Only Attack of the Cybermen stands out as a story that actually involves the conversion process of a human into a Cyberman, with Lytton’s conversion being both haunting and disturbing, but aside from this the vast majority of later classic Cyberman stories deviate massively from the overall point of the Cybermen, which is to warn us of the dangers of technology and present a horrendous potential future where humans are horrifically altered to the extent that they are barely human anymore, and instead present them as angry robots who march around and then die. So, overall, not a fantastic record for the Cybermen in later classic Doctor Who then. The only area of Classic Doctor Who media post-1970 that seems to actually use the Cybermen properly is the 2003 Peter Davison audio story Spare Parts, considered by many to be the strongest story of the Cybermen.

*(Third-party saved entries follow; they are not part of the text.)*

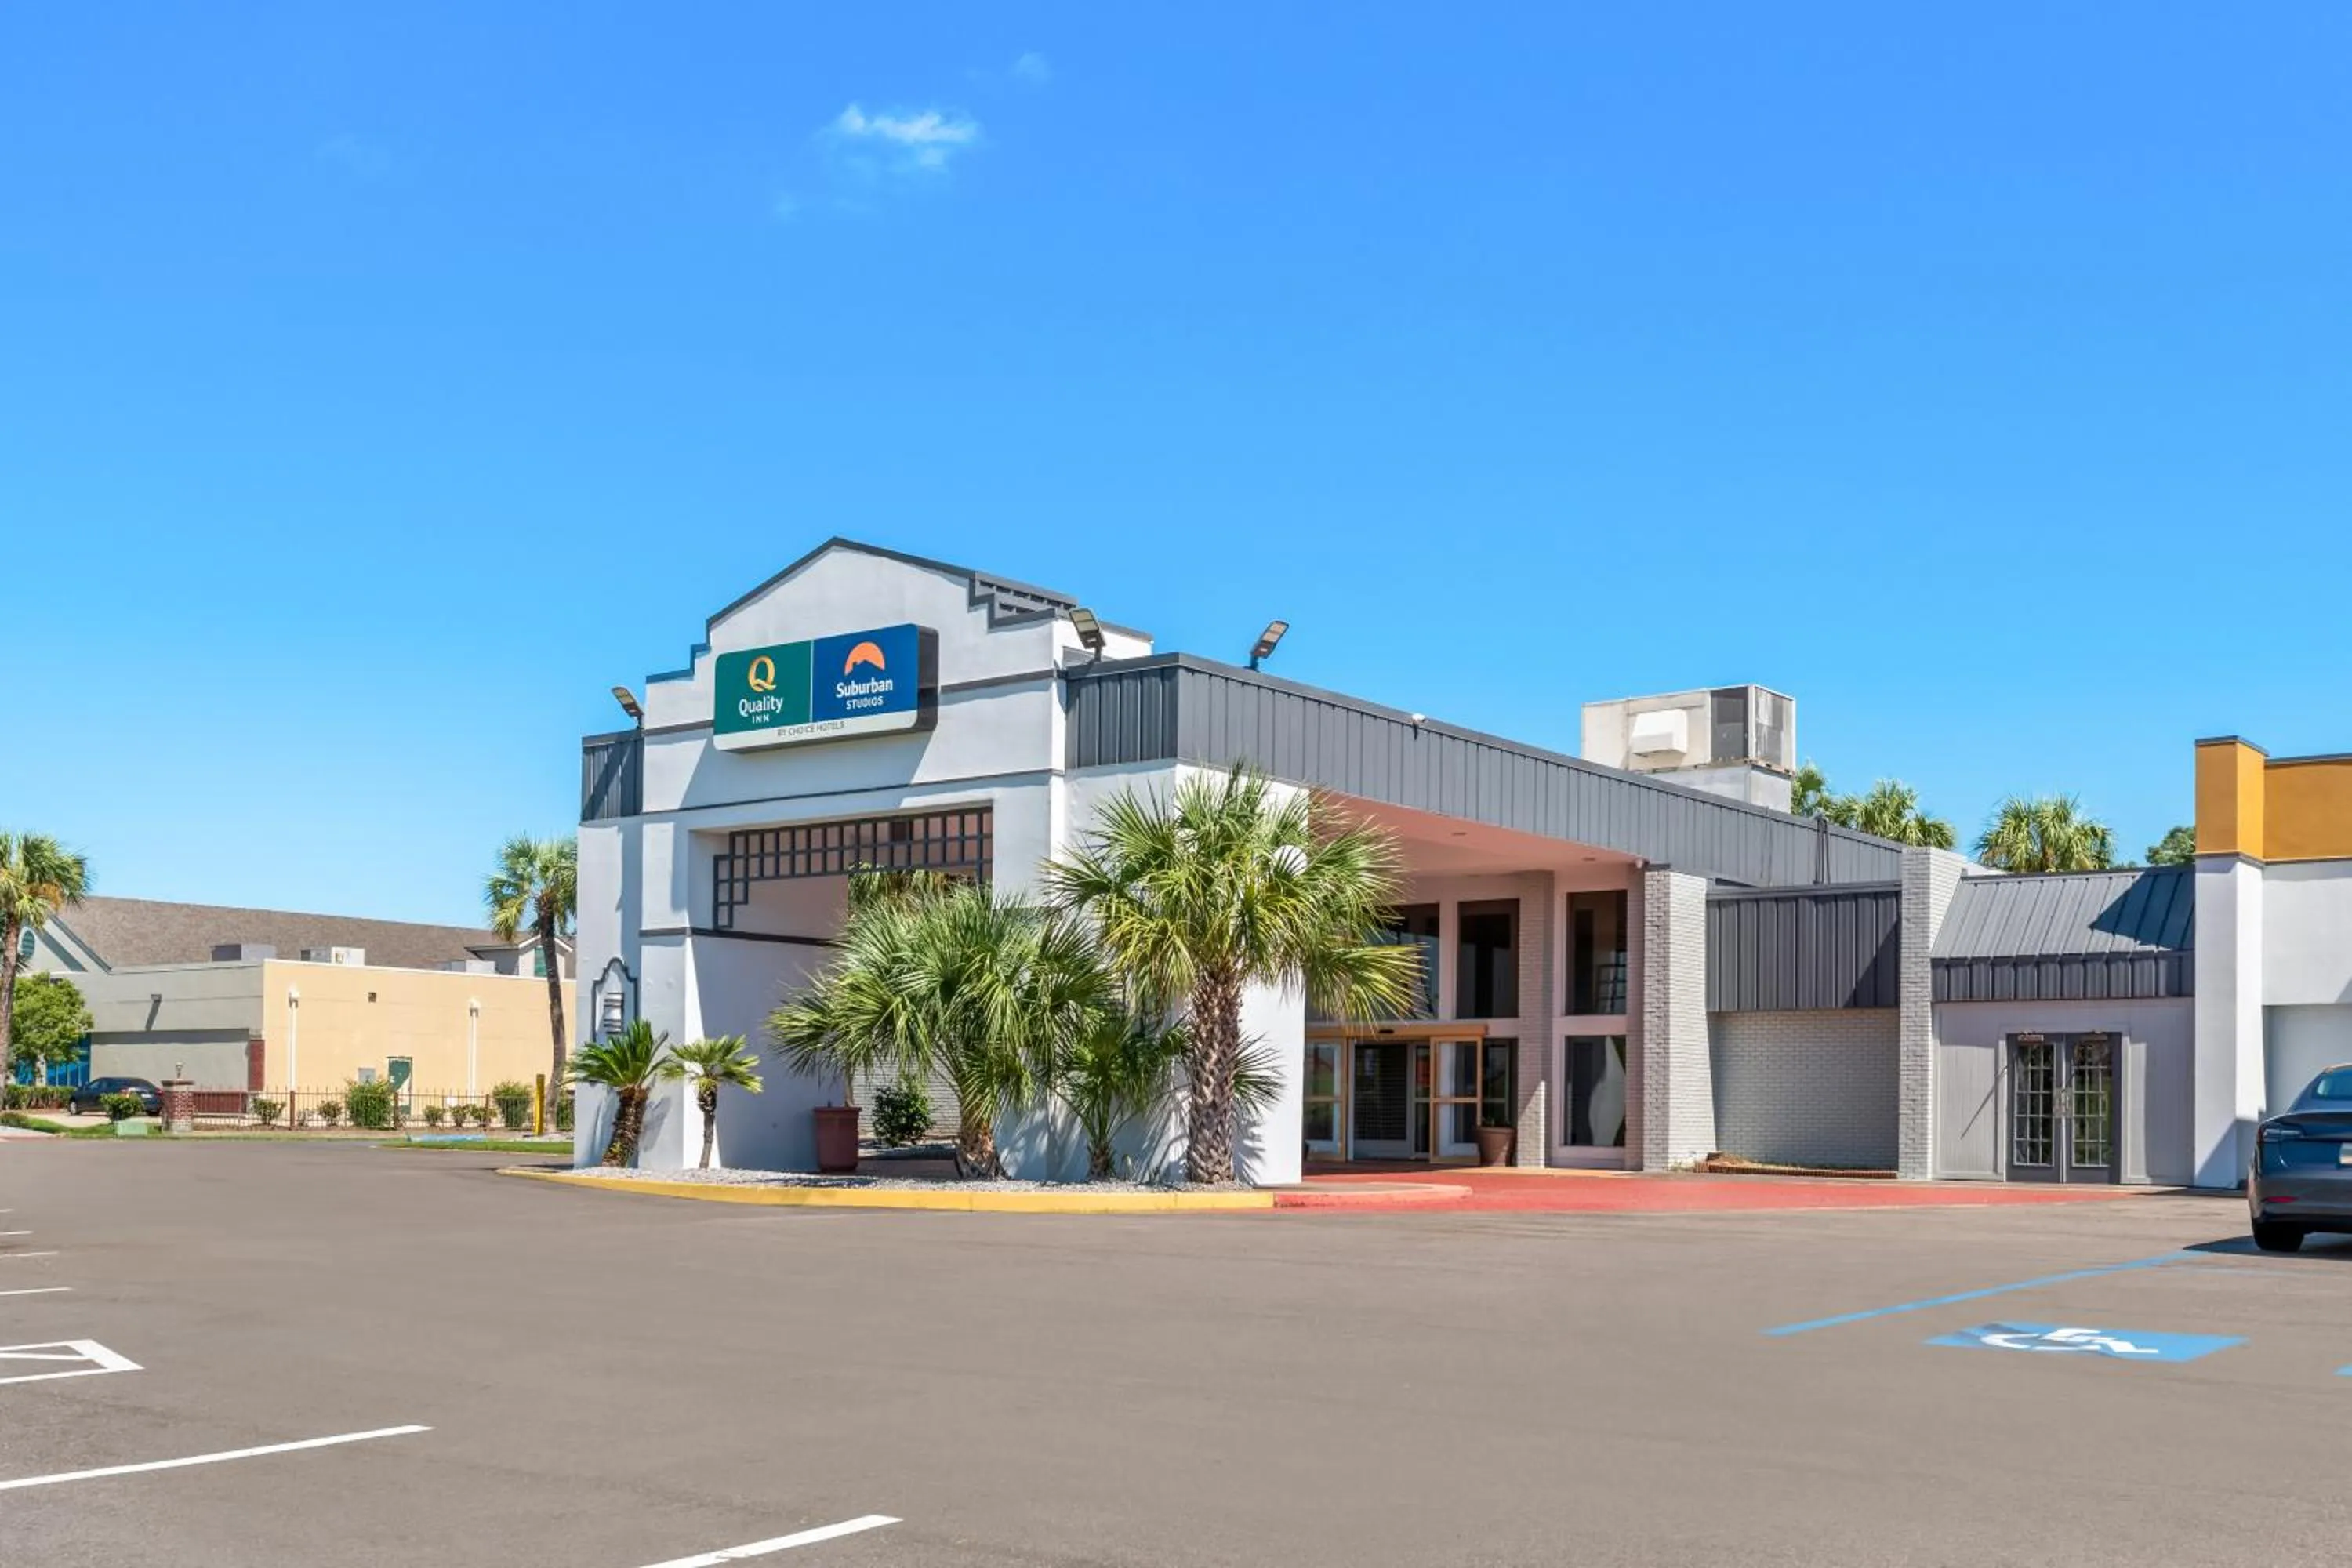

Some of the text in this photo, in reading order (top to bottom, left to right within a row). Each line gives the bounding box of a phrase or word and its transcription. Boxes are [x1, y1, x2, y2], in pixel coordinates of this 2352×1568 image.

[748, 655, 777, 691] Q
[836, 677, 893, 698] Suburban
[739, 695, 783, 717] Quality
[846, 696, 884, 710] STUDIOS
[752, 714, 770, 724] INN

So, what about NuWho? Russel T. Davies made a bold move when he decided to ‘reboot’ the Cybermen for the new series, particularly since he rewrote them from the ground up, establishing his Cybermen as totally new, with a new origin story and overall design. The debut story of this new breed of Cybermen, Rise of the Cybermen/The Age of Steel, offered a promising premise as regards to making the Cybermen scary again, as there are some truly scary elements to the Cybermen in this episode – the fact that they can still remember who they used to be leads to a harrowing scene where a Cyberman reveals itself to a man as his wife, and in his distress he loses sight of which Cyberman it actually was that told him – and as all Cybermen are identical, he can’t figure out which one it is. A Cyberman ‘autopsy’ that takes place in this episode also reveals that the Cyberman specimen under study is actually a woman called Sally who was about to get married when she was captured and converted. Harrowing stuff.

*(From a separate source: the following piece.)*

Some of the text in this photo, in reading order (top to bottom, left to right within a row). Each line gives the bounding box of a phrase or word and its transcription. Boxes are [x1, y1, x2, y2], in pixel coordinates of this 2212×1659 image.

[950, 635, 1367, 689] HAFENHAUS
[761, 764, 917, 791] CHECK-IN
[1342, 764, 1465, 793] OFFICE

So surely this means that the Cybermen have been redeemed? Well, unfortunately not, as there are still one or two problems with Russel’s representation of the Cybermen, and the Cyberman episodes of NuWho in general, and it is that there is too much of a divide between the Cybermen and the humans in this incarnation of the metal men. They appear too robotic, speaking in monotonous voices and generally appearing more like a race of hive-minded robots than remnants of humanity. Whilst there are some elements of body horror in the NuWho Cyberman episodes, such as the Torchwood workers in Army of Ghosts and the Cyberman head opening to reveal a human skull in Pandorica Opens, the concept of body horror in regards to the Cybermen is practically abandoned in NuWho. Ironically, it is the often lambasted Cyberwoman, an episode of Torchwood penned by none other than Chris Chibnall, has possibly the most focus on body horror in a Cyberman story, particularly since the show is not child-friendly, but again this is a form of media outside of the mainline TV show which, for the most part, tragically misused the Cybermen between the years 2007-2015.

However, after a dreadful period during Matt Smith’s era where the Cybermen literally destroyed themselves because of a baby crying, quite possibly their worst defeat yet, and were redesigned and subsequently rehashed into an app during Peter Capaldi’s first series, something happened that no-one expected. The Cybermen finally returned in full form during the first part of the finale of Series 10, World Enough and Time, and they were actually scary again. This episode finally realises the full potential of the Cybermen as a monster, presenting them as terrifyingly mutilated former humans and focusing in detail on the horrors of the conversion process. The scene in the ward with the partially-converted people desperately attempting to communicate the fact that they were in terrible pain is terrifying, and it made the Cybermen terrifying.

So it would seem that a scary Cyberman episode is possible, albeit rare, both in Classic Who and in NuWho. We can only hope that Chris Chibnall continues the tradition that Moffat has started by making the Cybermen truly scary again after almost 50 years.